■ **What you should do**
Look for "this 1920×1440 image." in the entries below. Then write out exactly the line that holds it and every line after it, to the last, and nothing else.
___ Dataset records ___
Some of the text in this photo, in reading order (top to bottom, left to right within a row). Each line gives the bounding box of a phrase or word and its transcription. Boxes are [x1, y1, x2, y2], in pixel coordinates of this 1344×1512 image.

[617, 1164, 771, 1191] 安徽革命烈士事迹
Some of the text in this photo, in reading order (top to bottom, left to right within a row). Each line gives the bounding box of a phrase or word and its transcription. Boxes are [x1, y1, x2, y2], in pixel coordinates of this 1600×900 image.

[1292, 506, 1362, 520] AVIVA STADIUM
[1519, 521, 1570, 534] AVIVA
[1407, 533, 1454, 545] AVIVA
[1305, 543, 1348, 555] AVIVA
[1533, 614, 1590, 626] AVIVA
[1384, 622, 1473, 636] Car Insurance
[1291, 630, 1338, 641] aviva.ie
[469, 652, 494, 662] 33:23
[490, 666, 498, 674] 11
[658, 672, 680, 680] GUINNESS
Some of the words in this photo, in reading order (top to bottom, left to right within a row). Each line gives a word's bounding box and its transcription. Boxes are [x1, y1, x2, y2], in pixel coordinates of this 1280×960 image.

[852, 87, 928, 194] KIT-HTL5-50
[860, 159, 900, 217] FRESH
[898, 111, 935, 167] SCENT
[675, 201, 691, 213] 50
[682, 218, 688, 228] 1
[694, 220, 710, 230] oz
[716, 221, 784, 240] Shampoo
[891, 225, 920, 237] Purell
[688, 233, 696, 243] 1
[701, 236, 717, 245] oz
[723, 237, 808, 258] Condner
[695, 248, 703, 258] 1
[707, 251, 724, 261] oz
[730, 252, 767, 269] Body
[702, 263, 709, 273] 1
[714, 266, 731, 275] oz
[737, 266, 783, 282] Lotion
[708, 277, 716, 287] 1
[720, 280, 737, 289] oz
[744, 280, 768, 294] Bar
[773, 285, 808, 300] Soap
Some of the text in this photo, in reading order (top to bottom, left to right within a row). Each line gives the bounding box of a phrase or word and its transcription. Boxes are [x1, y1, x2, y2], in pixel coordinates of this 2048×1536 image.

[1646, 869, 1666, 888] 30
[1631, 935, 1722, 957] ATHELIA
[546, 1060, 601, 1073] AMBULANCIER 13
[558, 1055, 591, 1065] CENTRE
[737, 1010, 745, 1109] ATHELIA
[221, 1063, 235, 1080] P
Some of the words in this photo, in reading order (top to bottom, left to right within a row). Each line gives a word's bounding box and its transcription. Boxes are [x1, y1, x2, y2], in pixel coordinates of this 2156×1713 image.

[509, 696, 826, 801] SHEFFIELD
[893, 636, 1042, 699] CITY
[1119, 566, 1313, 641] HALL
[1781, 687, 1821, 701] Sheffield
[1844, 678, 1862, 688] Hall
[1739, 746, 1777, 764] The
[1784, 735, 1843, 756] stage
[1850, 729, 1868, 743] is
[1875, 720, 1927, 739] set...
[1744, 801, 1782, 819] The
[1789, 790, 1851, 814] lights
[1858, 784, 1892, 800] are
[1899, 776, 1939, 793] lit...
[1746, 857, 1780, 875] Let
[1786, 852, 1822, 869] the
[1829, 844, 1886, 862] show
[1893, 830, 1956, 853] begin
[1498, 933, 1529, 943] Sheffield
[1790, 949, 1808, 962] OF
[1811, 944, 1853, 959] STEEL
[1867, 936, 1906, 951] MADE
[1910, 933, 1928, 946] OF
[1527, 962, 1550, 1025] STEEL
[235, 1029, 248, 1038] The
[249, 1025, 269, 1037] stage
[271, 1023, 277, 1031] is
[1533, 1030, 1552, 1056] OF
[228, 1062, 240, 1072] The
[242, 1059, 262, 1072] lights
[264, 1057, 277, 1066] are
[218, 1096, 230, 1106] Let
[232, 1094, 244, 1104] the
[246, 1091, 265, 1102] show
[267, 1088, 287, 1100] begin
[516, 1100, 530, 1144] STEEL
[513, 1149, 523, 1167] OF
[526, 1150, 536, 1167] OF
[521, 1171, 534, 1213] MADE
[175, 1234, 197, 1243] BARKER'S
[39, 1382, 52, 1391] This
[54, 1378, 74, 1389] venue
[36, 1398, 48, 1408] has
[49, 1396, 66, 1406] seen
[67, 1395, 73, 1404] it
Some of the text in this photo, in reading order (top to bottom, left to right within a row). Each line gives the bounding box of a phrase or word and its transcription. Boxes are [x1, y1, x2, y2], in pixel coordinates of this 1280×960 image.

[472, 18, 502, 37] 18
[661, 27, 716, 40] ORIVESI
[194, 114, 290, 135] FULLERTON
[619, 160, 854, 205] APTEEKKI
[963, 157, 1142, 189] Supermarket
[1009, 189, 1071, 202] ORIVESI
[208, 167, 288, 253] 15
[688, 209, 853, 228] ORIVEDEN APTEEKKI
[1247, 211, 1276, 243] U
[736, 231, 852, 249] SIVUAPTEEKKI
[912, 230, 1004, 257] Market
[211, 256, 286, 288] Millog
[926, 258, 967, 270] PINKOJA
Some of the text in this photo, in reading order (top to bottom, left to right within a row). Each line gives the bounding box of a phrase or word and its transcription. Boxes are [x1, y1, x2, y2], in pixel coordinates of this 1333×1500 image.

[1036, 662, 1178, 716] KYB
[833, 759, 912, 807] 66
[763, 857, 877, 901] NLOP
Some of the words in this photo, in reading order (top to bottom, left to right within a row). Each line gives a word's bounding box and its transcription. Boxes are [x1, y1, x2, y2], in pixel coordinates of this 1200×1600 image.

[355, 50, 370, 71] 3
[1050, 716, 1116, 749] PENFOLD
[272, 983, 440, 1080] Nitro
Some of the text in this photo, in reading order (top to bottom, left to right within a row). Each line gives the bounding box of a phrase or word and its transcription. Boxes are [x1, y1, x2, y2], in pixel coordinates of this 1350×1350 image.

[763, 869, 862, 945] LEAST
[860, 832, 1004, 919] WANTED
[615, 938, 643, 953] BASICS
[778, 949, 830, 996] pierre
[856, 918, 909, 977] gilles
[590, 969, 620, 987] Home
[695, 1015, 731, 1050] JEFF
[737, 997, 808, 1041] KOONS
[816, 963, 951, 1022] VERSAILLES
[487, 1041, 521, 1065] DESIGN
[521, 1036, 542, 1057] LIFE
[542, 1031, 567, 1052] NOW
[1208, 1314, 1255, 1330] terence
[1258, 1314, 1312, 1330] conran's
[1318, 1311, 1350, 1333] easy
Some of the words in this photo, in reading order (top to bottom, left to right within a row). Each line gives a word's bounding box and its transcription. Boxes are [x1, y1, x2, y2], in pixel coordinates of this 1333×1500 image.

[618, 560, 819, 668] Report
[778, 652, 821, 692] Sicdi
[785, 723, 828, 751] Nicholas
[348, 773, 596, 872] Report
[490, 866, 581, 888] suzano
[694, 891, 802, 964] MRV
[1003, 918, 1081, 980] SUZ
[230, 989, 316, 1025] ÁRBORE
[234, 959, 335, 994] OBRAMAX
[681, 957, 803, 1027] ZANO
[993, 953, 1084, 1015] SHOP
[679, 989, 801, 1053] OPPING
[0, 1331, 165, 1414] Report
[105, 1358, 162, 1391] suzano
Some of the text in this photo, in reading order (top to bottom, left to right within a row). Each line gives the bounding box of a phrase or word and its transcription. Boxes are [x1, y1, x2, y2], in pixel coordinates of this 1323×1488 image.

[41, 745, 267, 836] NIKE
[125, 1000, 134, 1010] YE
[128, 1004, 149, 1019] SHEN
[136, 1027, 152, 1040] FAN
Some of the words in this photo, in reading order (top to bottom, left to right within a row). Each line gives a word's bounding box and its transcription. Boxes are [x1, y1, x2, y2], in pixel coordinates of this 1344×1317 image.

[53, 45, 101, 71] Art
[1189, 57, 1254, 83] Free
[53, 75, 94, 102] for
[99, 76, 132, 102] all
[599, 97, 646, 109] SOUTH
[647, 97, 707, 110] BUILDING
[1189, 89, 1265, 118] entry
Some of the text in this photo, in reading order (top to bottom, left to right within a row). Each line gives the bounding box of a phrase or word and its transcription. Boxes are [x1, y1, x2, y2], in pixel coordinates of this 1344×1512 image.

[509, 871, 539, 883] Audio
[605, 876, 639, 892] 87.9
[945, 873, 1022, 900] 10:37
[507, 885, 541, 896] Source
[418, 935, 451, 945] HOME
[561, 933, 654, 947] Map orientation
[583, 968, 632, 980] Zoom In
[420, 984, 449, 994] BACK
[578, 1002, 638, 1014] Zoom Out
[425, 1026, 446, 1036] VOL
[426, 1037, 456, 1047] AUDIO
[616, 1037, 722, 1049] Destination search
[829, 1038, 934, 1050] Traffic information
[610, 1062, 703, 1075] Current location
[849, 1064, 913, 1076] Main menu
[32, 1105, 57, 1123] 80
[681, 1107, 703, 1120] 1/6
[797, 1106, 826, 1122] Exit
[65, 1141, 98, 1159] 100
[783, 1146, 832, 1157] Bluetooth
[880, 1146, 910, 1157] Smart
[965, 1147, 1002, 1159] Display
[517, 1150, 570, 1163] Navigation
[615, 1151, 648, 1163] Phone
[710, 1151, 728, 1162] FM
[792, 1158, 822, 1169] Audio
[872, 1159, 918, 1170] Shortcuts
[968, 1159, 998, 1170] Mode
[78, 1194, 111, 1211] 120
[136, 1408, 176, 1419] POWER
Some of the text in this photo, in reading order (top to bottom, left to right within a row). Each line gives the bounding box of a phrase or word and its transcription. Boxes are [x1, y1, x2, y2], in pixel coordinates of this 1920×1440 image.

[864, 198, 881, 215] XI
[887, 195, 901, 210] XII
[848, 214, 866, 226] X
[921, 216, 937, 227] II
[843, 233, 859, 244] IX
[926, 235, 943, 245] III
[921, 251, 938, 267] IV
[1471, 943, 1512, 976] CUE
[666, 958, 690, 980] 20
___
■ **The completed task**
Some of the text in this photo, in reading order (top to bottom, left to right within a row). Each line gives the bounding box of a phrase or word and its transcription. Boxes are [x1, y1, x2, y2], in pixel coordinates of this 1920×1440 image.

[864, 198, 881, 215] XI
[887, 195, 901, 210] XII
[848, 214, 866, 226] X
[921, 216, 937, 227] II
[843, 233, 859, 244] IX
[926, 235, 943, 245] III
[921, 251, 938, 267] IV
[1471, 943, 1512, 976] CUE
[666, 958, 690, 980] 20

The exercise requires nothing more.